§ **Given information**
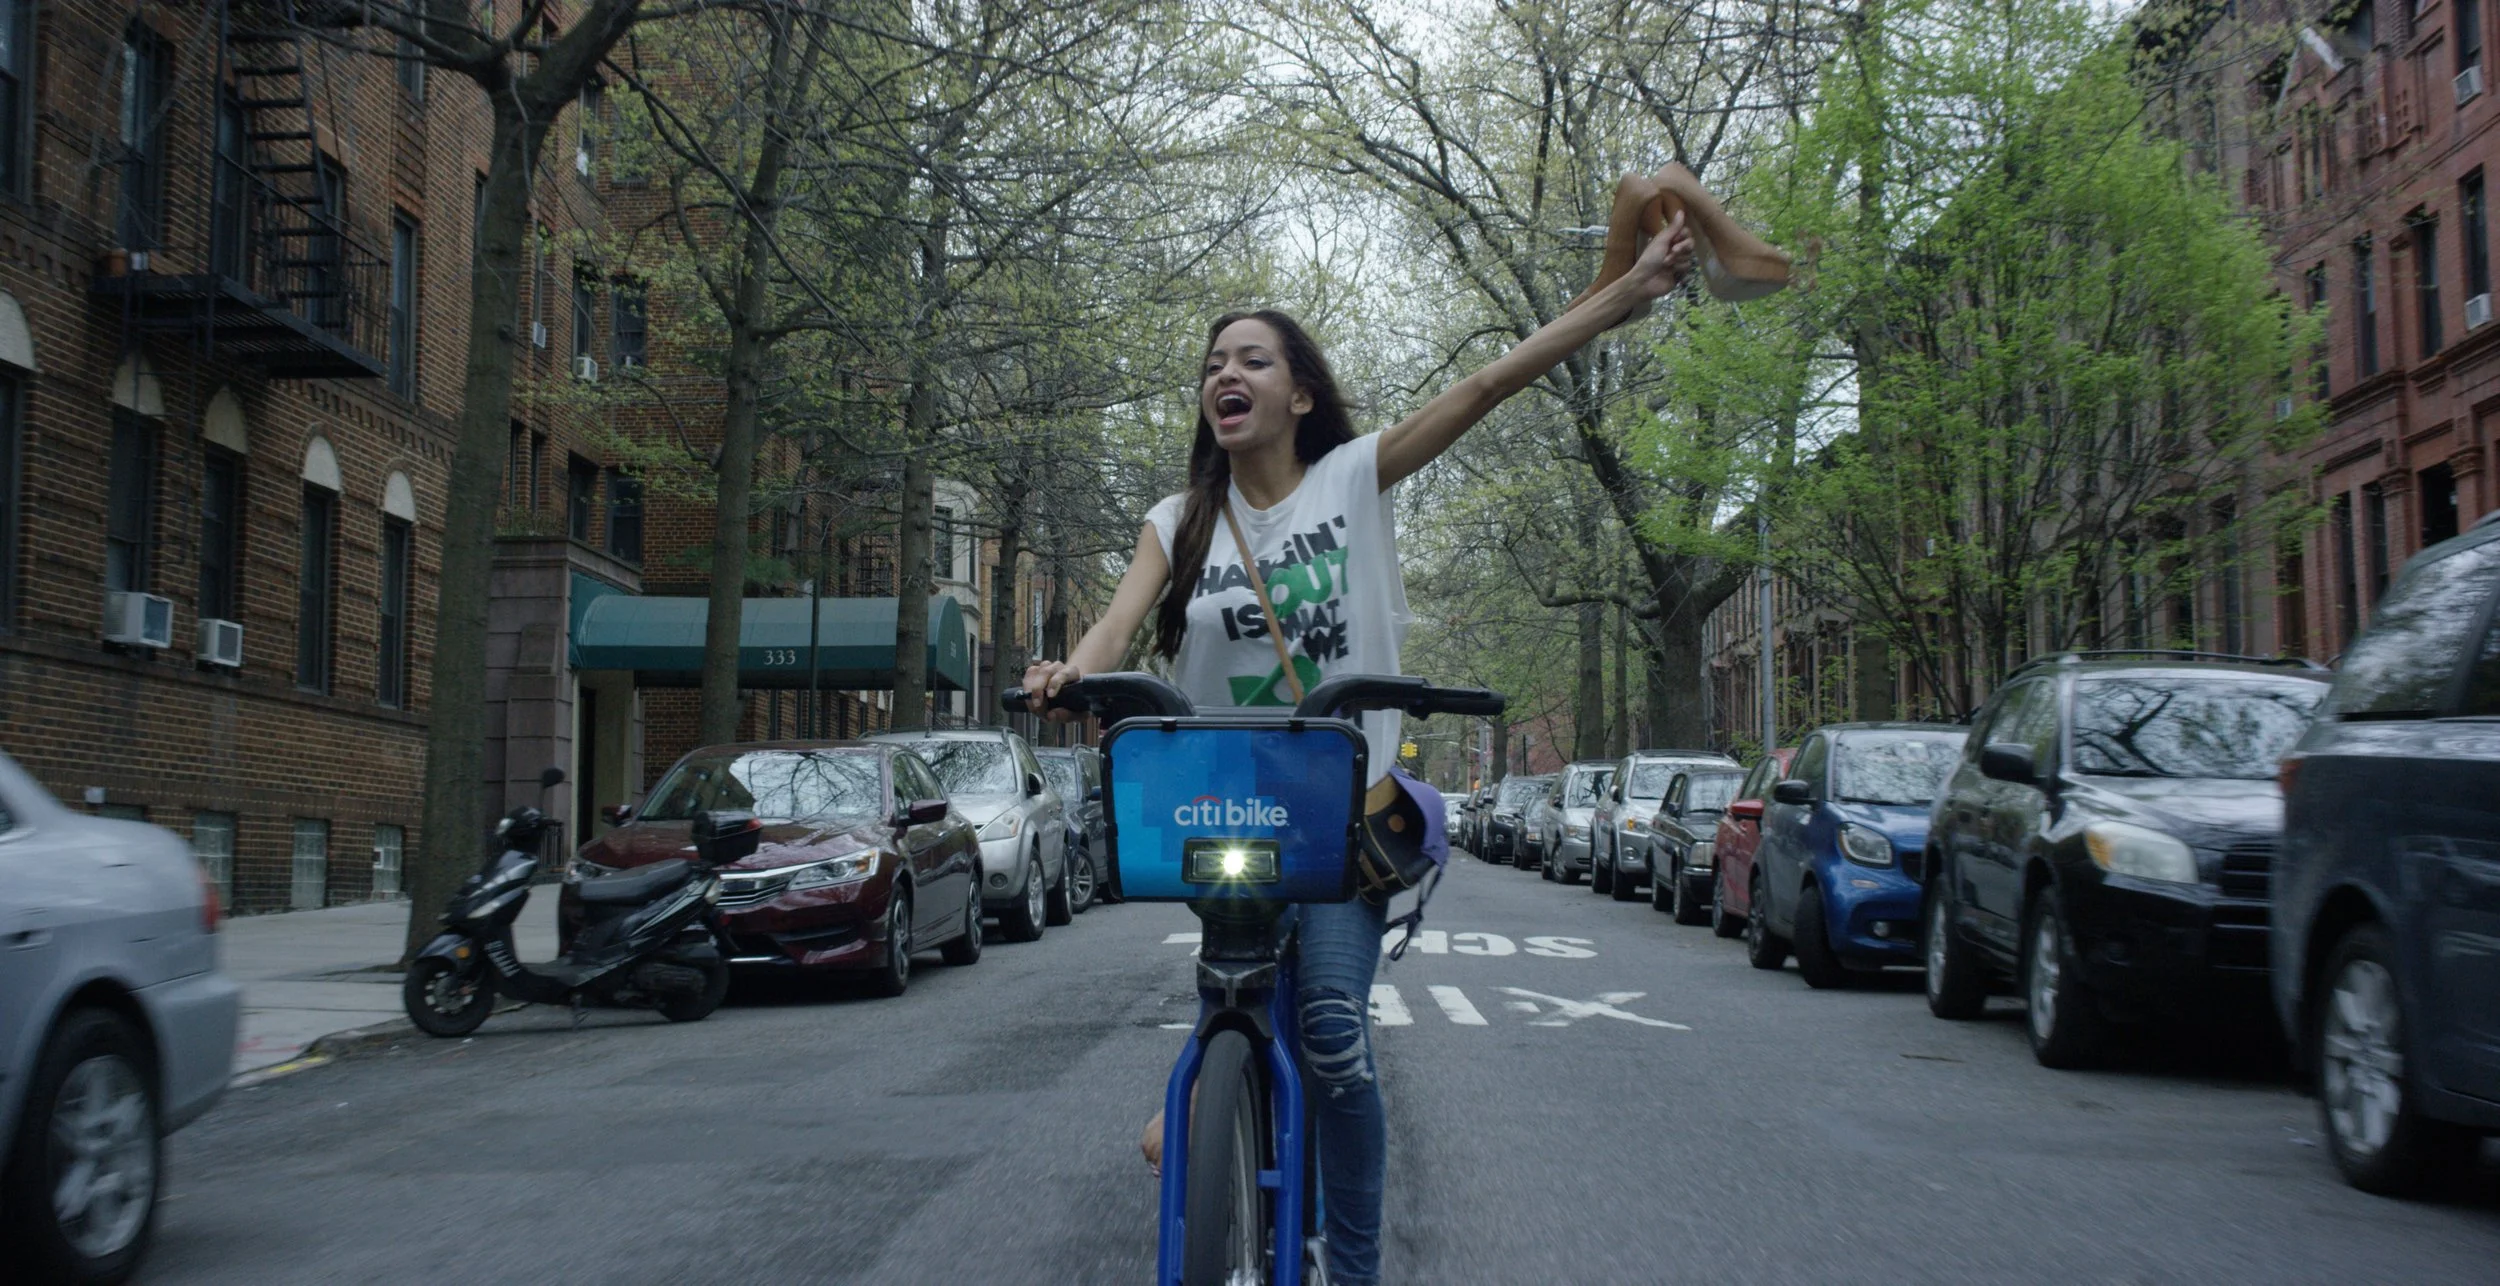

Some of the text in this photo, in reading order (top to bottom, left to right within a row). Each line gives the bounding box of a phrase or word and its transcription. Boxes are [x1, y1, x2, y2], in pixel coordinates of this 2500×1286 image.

[1267, 546, 1348, 617] OUT
[1221, 604, 1271, 641] IS
[763, 650, 796, 665] 333
[1302, 620, 1349, 664] WE
[1174, 796, 1289, 827] citi bike
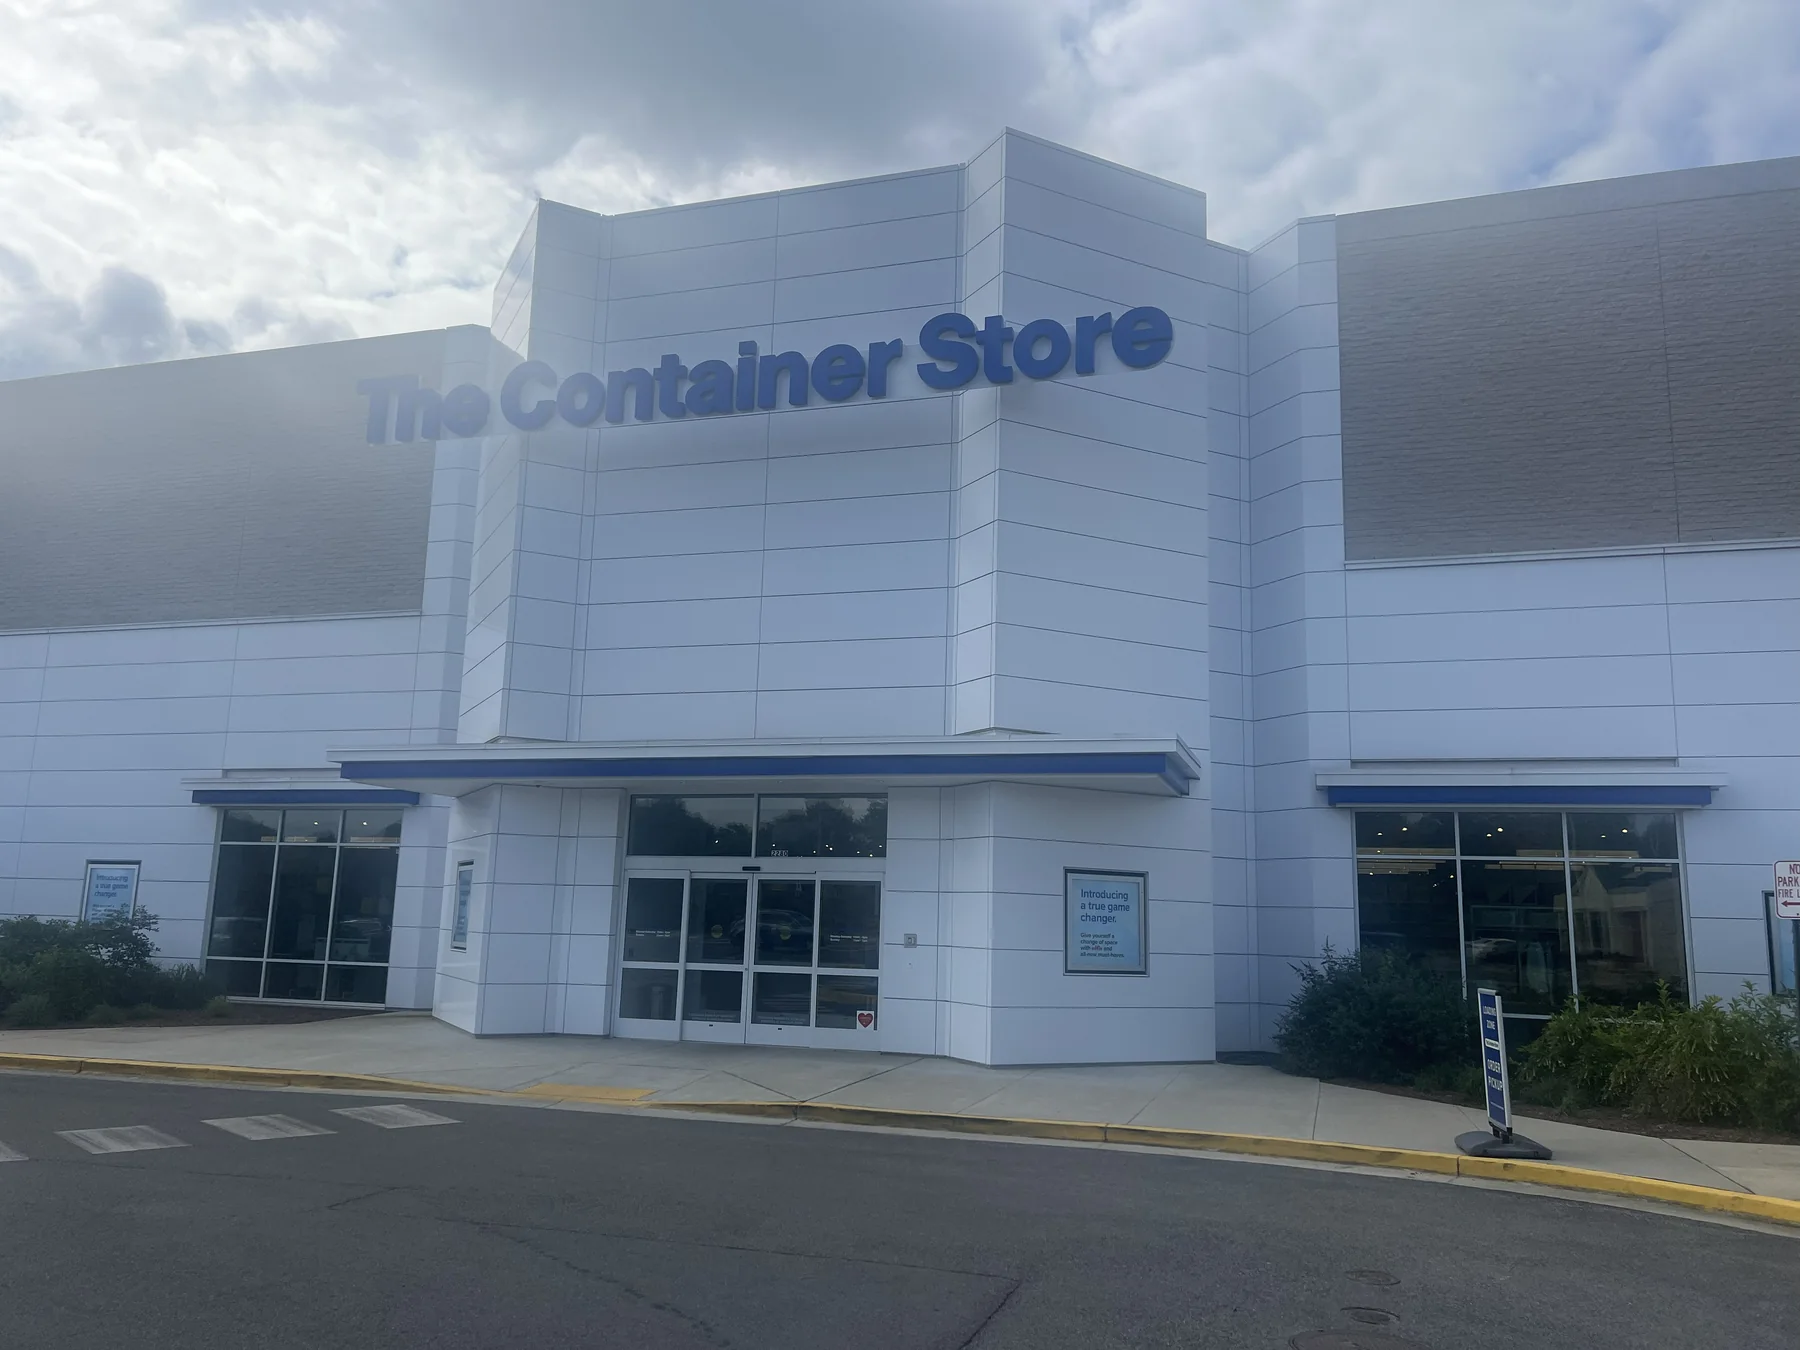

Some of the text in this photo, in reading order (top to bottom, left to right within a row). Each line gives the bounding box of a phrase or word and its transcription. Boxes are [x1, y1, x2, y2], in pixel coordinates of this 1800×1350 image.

[356, 306, 1174, 439] The Container Store
[1789, 863, 1800, 875] NO
[1080, 888, 1129, 902] Introducing
[1777, 889, 1794, 898] FIRE
[1080, 902, 1130, 913] a true game
[1080, 913, 1117, 924] changer.
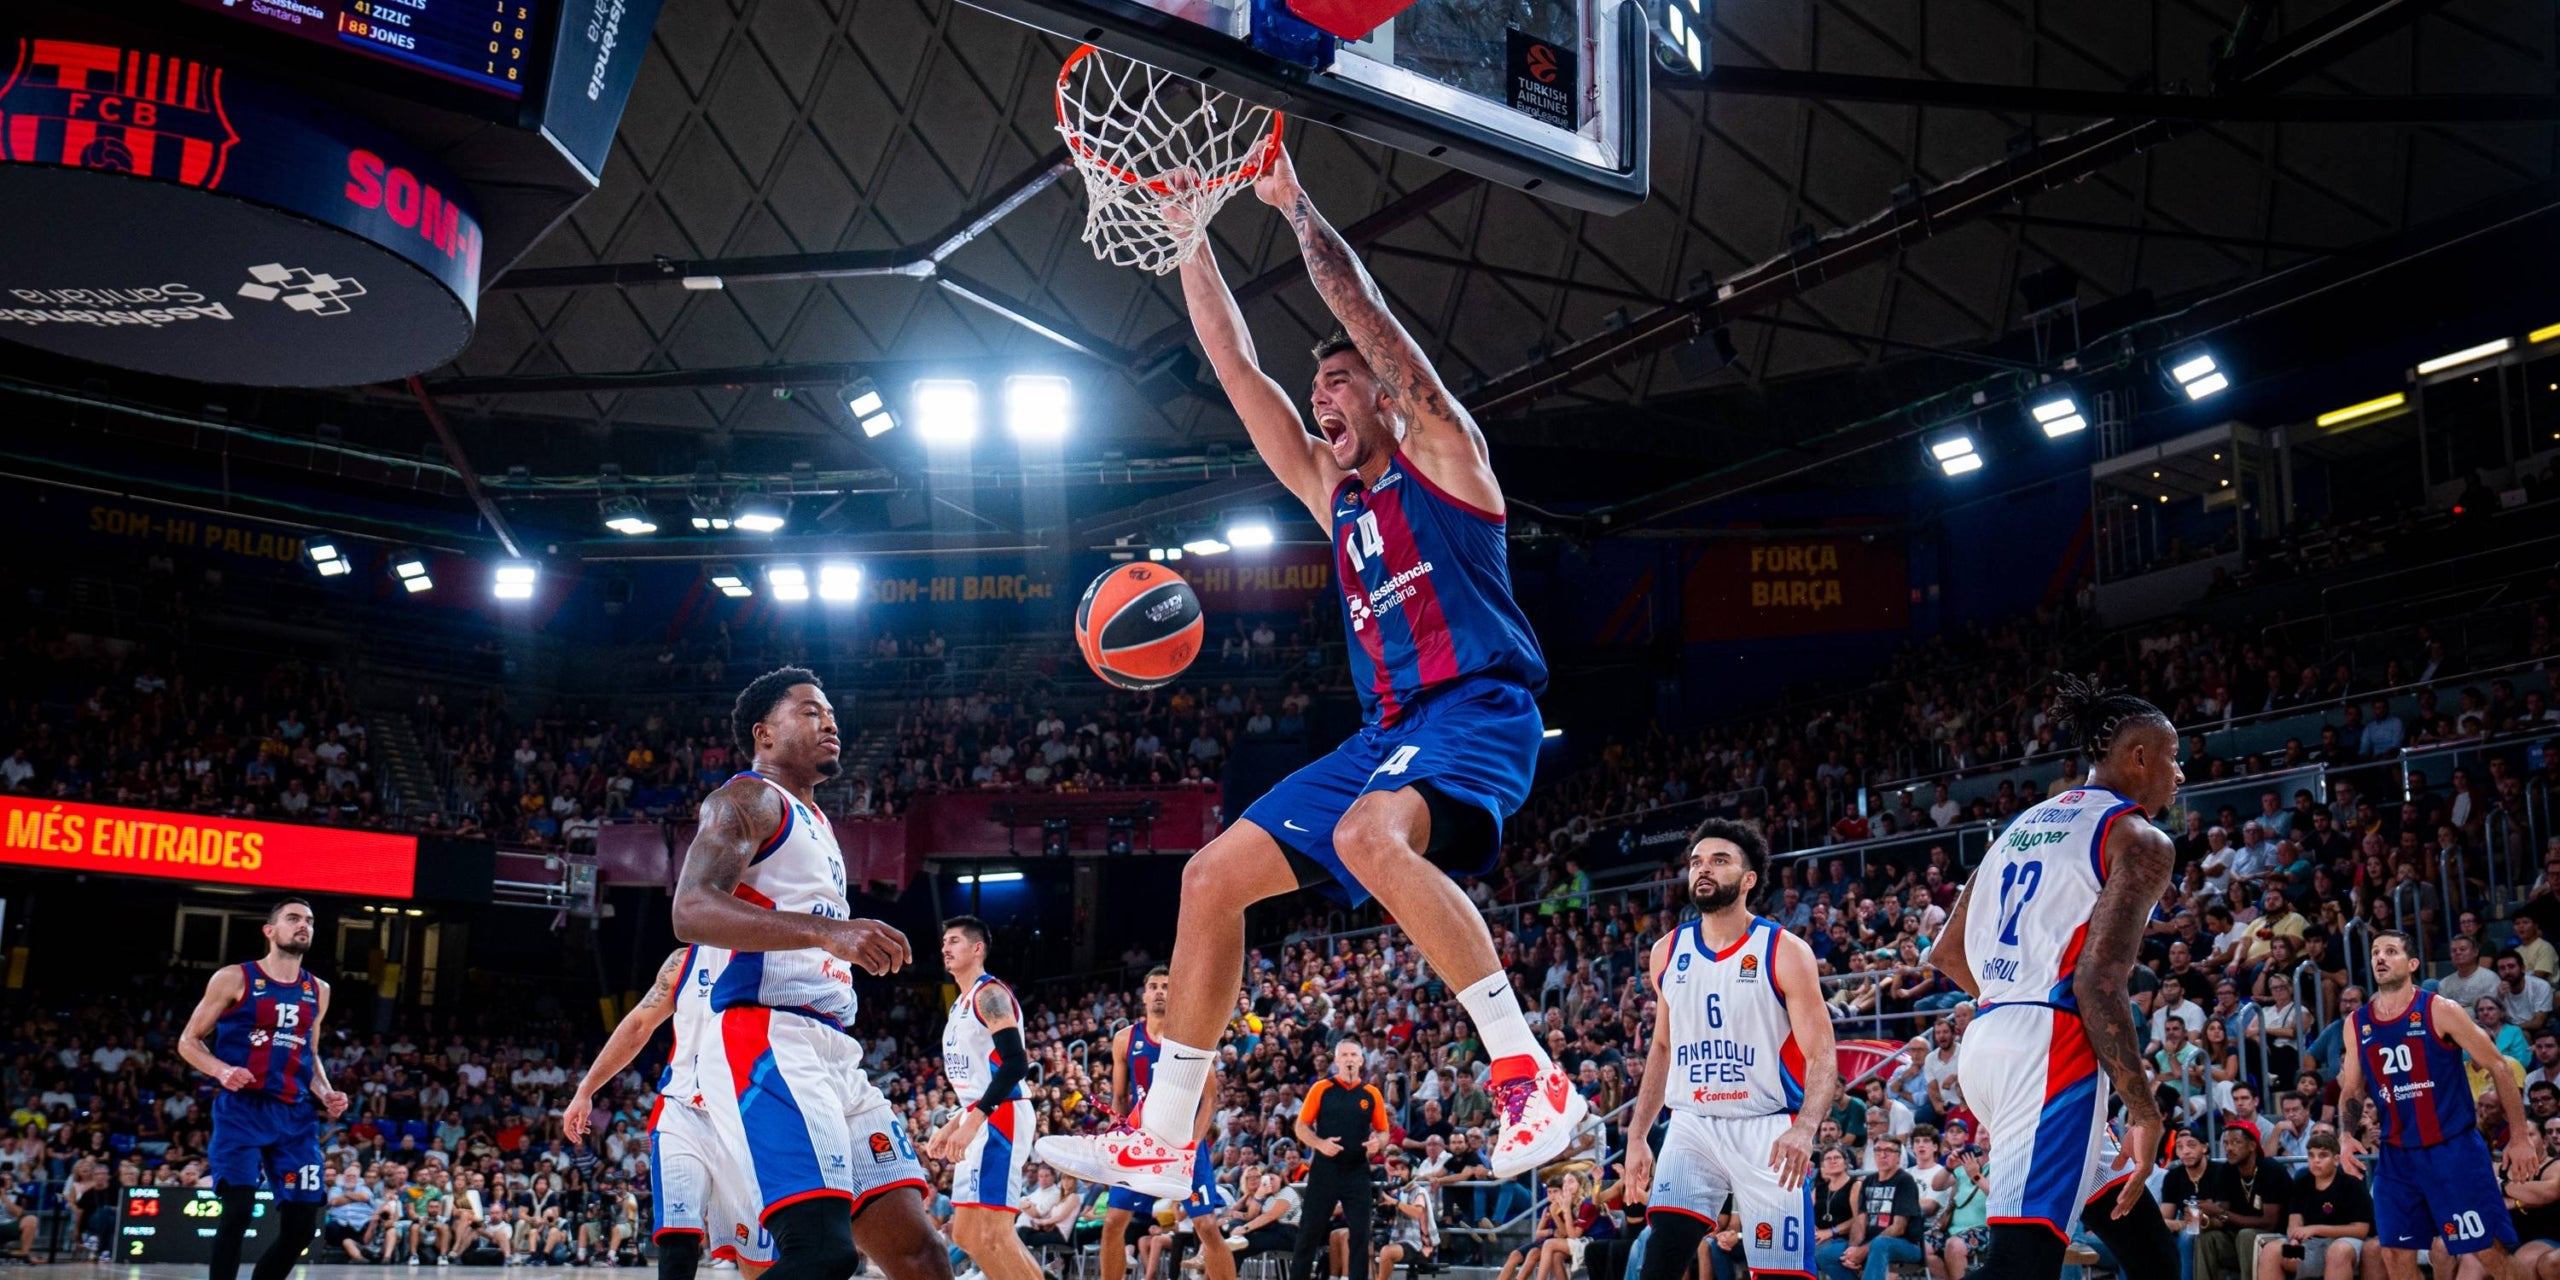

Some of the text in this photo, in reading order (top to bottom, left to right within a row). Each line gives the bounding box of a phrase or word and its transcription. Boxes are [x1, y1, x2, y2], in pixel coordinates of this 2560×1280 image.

§ **Your objective**
An exact copy of all the entries above is required, with every picture left out.

§ **Reply**
Some of the text in this photo, in reading order (top to bottom, left to right within a row). Each line gives the bounding box of a phrase or word and its transcription. Boxes are [x1, y1, x2, y2], in pixel coordinates of this 2500×1286 image.

[1267, 546, 1348, 617] OUT
[1221, 604, 1271, 641] IS
[763, 650, 796, 665] 333
[1302, 620, 1349, 664] WE
[1174, 796, 1289, 827] citi bike

Some of the text in this photo, in reading order (top to bottom, left to right within a row). Each line gives the bounding box of a phrase or word and its transcription. Boxes are [x1, y1, x2, y2], in pixel coordinates of this 1800×1350 image.

[356, 306, 1174, 439] The Container Store
[1789, 863, 1800, 875] NO
[1080, 888, 1129, 902] Introducing
[1777, 889, 1794, 898] FIRE
[1080, 902, 1130, 913] a true game
[1080, 913, 1117, 924] changer.

Some of the text in this photo, in reading order (top to bottom, left to right within a row). Each line gives the bounding box of a phrase or word and its transcription. Boxes are [x1, y1, x2, y2], in pixel coordinates of this 2560×1280 image.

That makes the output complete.